Chile es un país que cuenta con paisajes que parecen de otro planeta. Sus cielos despejados, disponibles prácticamente todo el año, lo han convertido en una parada obligada para quienes disfrutan de observar las estrellas, pero la atracción de este territorio va mucho más allá. En este país, los relatos desafían lo conocido; la búsqueda de la verdad ha llamado la atención de científicos, investigadores del fenómeno ovni y miles de turistas que se preguntan si estamos solos en el universo o si las maravillas que vemos son obra de seres de otras galaxias.
Geoglifos y enigmas en el desierto de Atacama
El desierto de Atacama es un punto fascinante debido a sus paisajes áridos, evocadores de los de Marte. En el norte de Chile se encuentra una de las exposiciones al aire libre más impactantes del mundo: los geoglifos. Estas figuras enormes fueron plasmadas por culturas prehispánicas utilizando técnicas rupestres para representar su cosmovisión.

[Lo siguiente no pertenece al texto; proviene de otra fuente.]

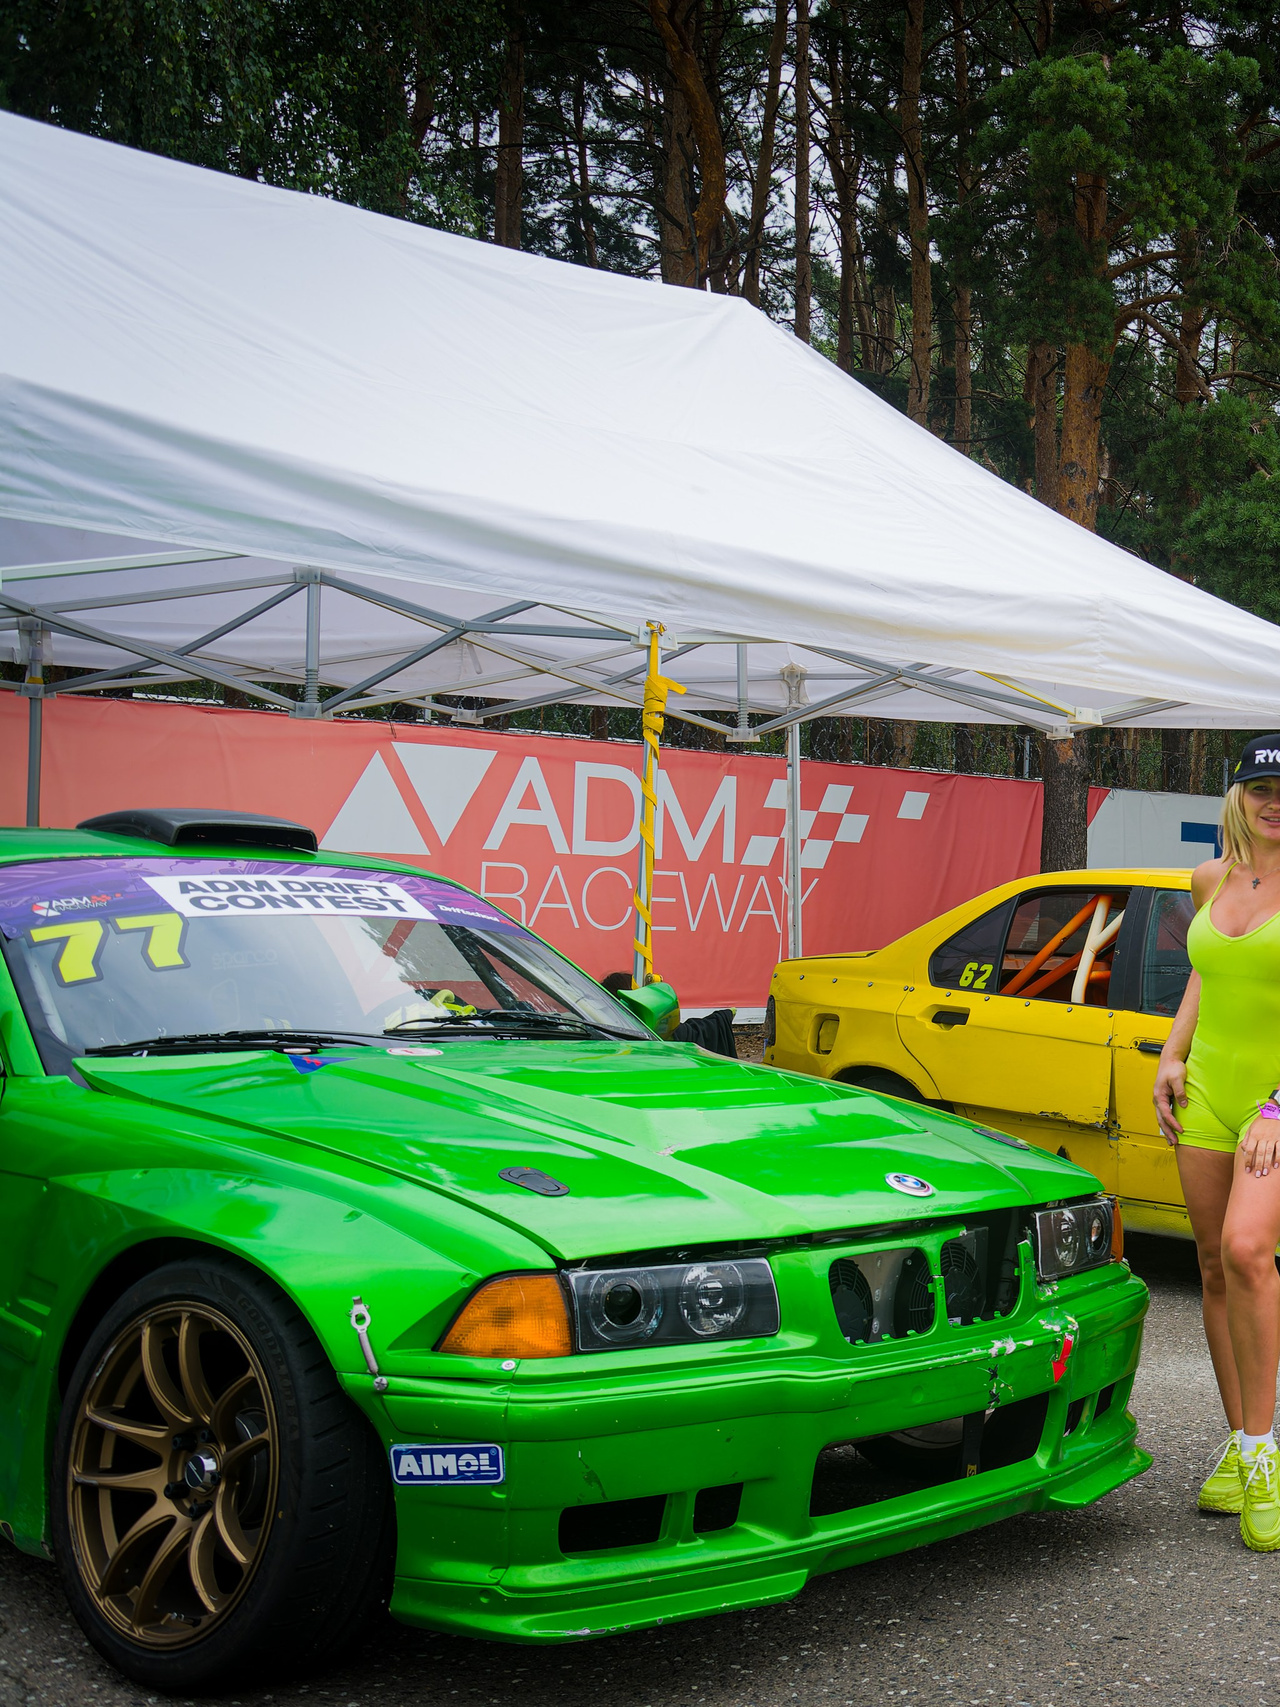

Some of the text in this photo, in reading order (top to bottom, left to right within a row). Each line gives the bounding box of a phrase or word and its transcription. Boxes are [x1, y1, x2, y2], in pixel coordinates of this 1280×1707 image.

[482, 756, 738, 863] ADM
[178, 880, 393, 897] ADM DRIFT
[480, 861, 819, 934] RACEWAY
[52, 895, 93, 908] ADM
[188, 894, 408, 913] CONTEST
[30, 912, 185, 984] 77
[959, 962, 994, 989] 62
[397, 1453, 498, 1476] AIMOL

Aunque la arqueología sugiere que son técnicas sencillas y que la capacidad humana es tremenda, muchos mitos rodean su origen. Un ejemplo es el Gigante de Atacama, la figura antropomorfa más grande del mundo. Debido a su posición en un punto caliente de avistamiento de ovnis y su visibilidad desde el aire, algunos sostienen la hipótesis de que podría ser una señal para seres extraterrestres. No obstante, el astrónomo Pablo González señala que este geoglifo tiene un vínculo con el sol y el solsticio.
La capital de la ufología: La Serena y los relatos de Paihuano
La ciudad de La Serena, en la región de Coquimbo, es reconocida como la capital de la ufología. Allí se ubica el único museo de Chile dedicado al tema, que resguarda la historia de la investigación ufológica mediante fotografías, maquetas y boletines. Uno de los casos más mediáticos es el del cabo Armando Valdés, quien en 1977, tras presenciar luces misteriosas, regresó de su guardia con la barba crecida y un mensaje enigmático: "Ustedes no saben quiénes somos ni de dónde venimos, pero le aseguro que pronto volveremos".
Por otro lado, en la comuna de Paihuano persiste el relato del 'Roswell chileno'. Lucinda Rojas, una testigo de 77 años, relata haber visto un gran platillo volador de color plomo que se estrelló en el cerro Las Mollacas en 1998. Según su testimonio, tras el impacto, las autoridades y la NASA realizaron un operativo en completo hermetismo.
Magnetismo y dudas en el Valle del Elqui
El magnetismo también es parte de la leyenda en el Valle del Elqui. En la Quebrada de Paihuano existe un fenómeno inusual donde los vehículos, al ser puestos en neutro en una zona sin pendiente, comienzan a retroceder por sí solos.
Más allá de las disputas sobre quién posee la verdad, en Chile conviven diversas posturas: quienes buscan acercarse a lo desconocido, quienes lo niegan todo y quienes aprovechan el movimiento para el turismo. Al final, bajo el cielo estelar de Chile, las preguntas sobre nuestra existencia permanecen sin respuesta.